I read the "Rules". Kinda funny, I laugh about it now. But it is true that you need to let a guy chase you a little and you do not need to run after a guy or put so much of yourself out there in the beginning. I think that book is more about being confident as a woman and knowing your own worth. I would not completely follow the Rules, but just take the parts out of it that are more about being confident as a woman.

Online dating was a healthy thing for me, like Match.com and Christian café. I am really shy and not the kind of person that would go to a bar. So in my 20s, I would go to singles groups at local churches. When I got to my 30s, it was just easier to meet with online dating. I would put as much effort in it in the beginning as that guy is putting into it. You are looking for someone that you can be compatible with.

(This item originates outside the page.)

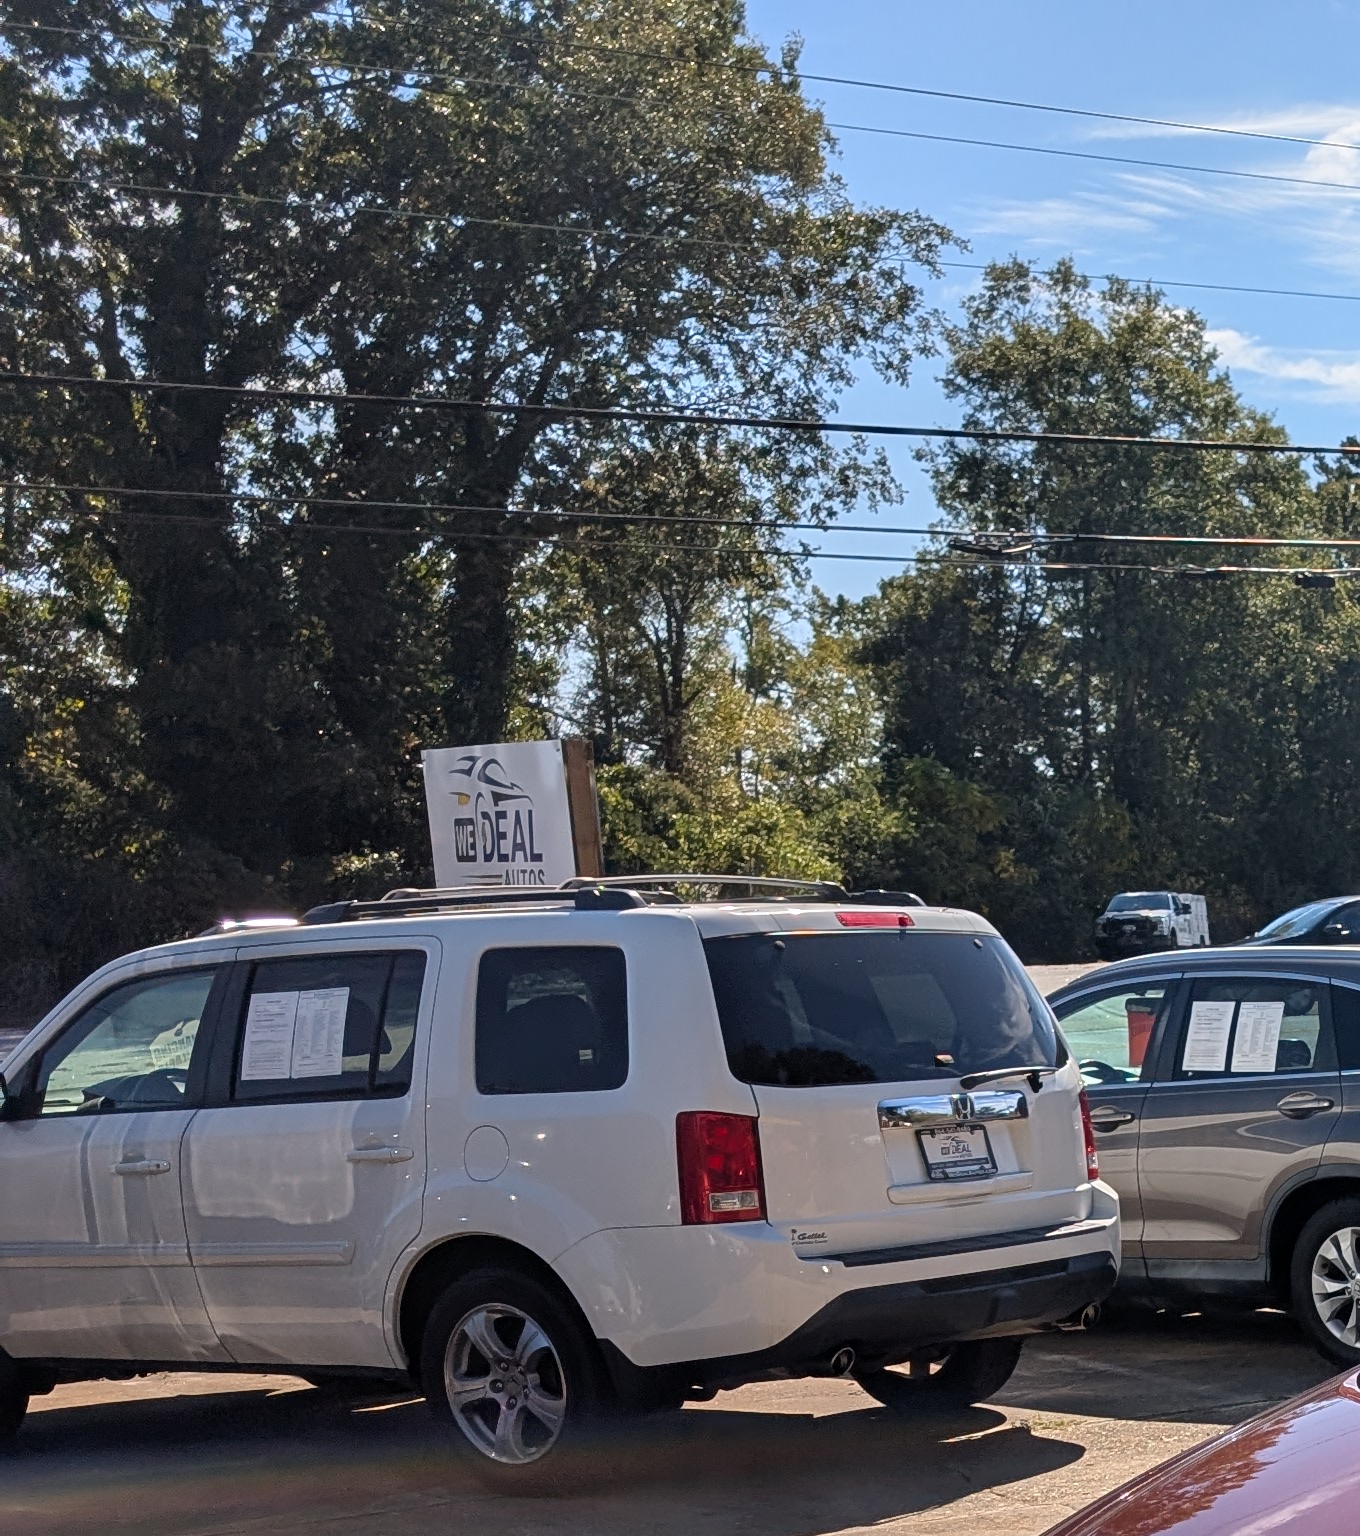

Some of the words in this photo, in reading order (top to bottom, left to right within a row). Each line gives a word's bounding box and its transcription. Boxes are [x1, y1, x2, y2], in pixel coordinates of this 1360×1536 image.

When it happens, it should be natural and fun-like it just makes you smile.

With having an ex husband who is an alcoholic, it is good to identify where you are with drinking yourself--are you looking for someone who is a social drinker who drinks moderately or are you looking for someone who does not drink. For me, after everything that I had been through, I would not have done very good with someone who needed to drink, even moderately.

The tall, dark handsome dude--yep you will have good looking children. But it is really nice to have a guy who is financially stable and responsible, will change diapers, and will play video games with your kids.

With my husband, I remember having a zit on my face when we first started dating. The funny thing is that he did not see it on my face. We just talked a lot. It was fun getting to know each other.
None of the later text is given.